SA heading towards a crisis of governance – Maimane

He also said SA could learn from the Springboks that 'we don't unite because of race, we unite because of particular goals, particular objects'.


Former DA leader Mmusi Maimane said he believes South Africa is heading toward a “crisis of governance”.

Speaking at the Brenthurst Foundation, Maimane said: “Institutional politics in our country needs disruption, I think there’s a mistrust between citizens and the political infrastructure, and ultimately that will lead us into a crisis of governance”.

He told the foundation the South African electorate was motivated by race, reflecting a political landscape last seen in 1994.

“In a shrinking economy, there is [a] greater sense of ‘me’ and a greater sense of ‘us’ as defined by old historical paradigms of race.

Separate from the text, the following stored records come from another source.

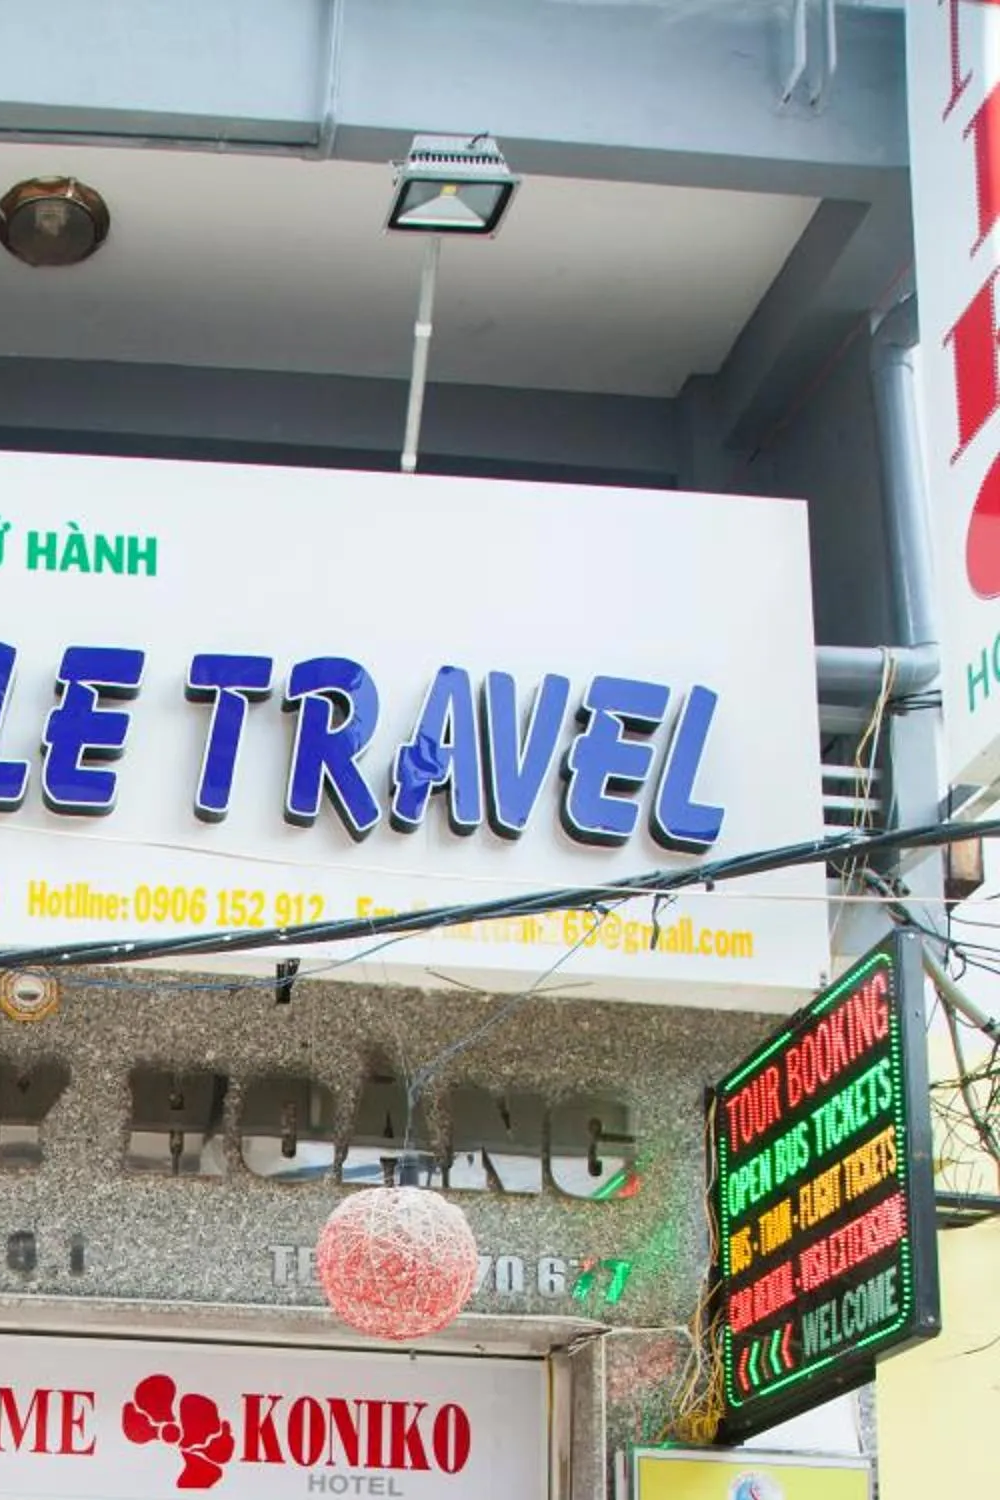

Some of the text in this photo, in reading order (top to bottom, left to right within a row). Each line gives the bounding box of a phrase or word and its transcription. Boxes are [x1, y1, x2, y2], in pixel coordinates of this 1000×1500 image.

[25, 520, 159, 577] HÀNH
[185, 653, 728, 852] TRAVEL
[27, 879, 130, 922] Hotline:
[134, 884, 207, 925] 0906
[215, 888, 267, 929] 152
[726, 971, 890, 1153] TOUR BOOKING
[727, 1057, 893, 1218] OPEN BUS TICKETS
[842, 1125, 898, 1207] TICKETS
[801, 1265, 899, 1359] WELCOME
[239, 1392, 472, 1475] KONIKO
[307, 1472, 405, 1499] HOTEL
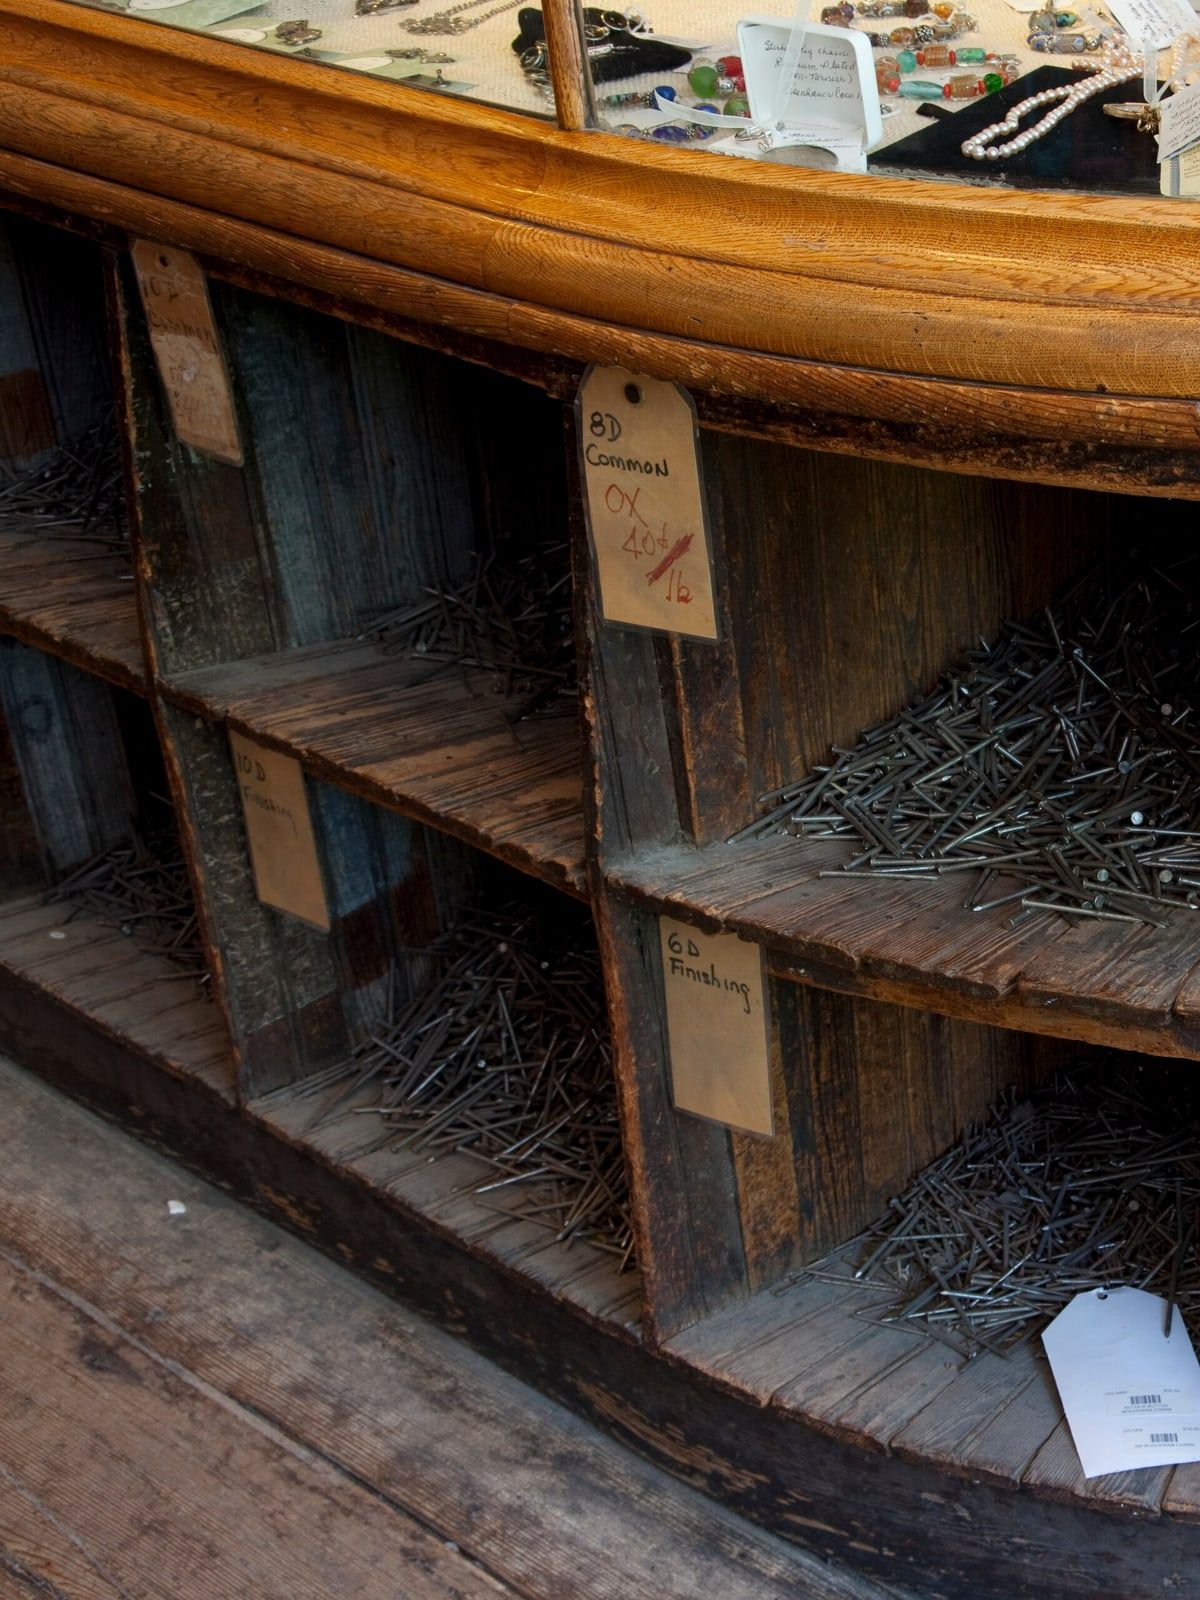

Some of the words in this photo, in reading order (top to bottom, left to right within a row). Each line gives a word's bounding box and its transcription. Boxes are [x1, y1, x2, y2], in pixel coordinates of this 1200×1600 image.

[589, 411, 622, 442] 8D
[585, 443, 669, 478] Common
[669, 956, 751, 1015] Finishing

“Therefore, naturally, people are electing public representatives that say, ‘well he or she speaks for me because we share the same melanin’.

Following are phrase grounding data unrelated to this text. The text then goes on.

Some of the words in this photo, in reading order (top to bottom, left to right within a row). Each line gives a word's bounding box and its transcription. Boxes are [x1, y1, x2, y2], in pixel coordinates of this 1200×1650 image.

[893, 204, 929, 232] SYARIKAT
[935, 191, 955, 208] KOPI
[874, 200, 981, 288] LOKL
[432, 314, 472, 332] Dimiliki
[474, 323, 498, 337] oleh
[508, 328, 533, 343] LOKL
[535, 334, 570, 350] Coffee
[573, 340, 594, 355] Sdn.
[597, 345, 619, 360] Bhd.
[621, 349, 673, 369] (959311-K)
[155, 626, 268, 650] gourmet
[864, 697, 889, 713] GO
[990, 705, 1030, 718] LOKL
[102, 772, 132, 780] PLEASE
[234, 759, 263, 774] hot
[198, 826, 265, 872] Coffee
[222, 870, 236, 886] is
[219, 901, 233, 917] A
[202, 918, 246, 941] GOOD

“The challenge with that is that it retrenches a history of racial polarisation and prospectively going forward. I think you’ll see our politics being much the same as it was in ’94 where people go to the polls to express their race rather than a new South Africa and their own hopes”.

Maimane explained the project of a unified South Africa was much harder than “a mono-racial” project.

In this regard, he said, the Spingboks’ victory had lessons of unity for South Africa and a racially polarised society.

“What we need is to learn something from the current victory in South Africa which is the Springbok rugby team. There are some important lessons there that say we don’t unite because of race, we unite because of particular goals, particular objects.

“We need to be able to frame the South African objective afresh,” Maimane said.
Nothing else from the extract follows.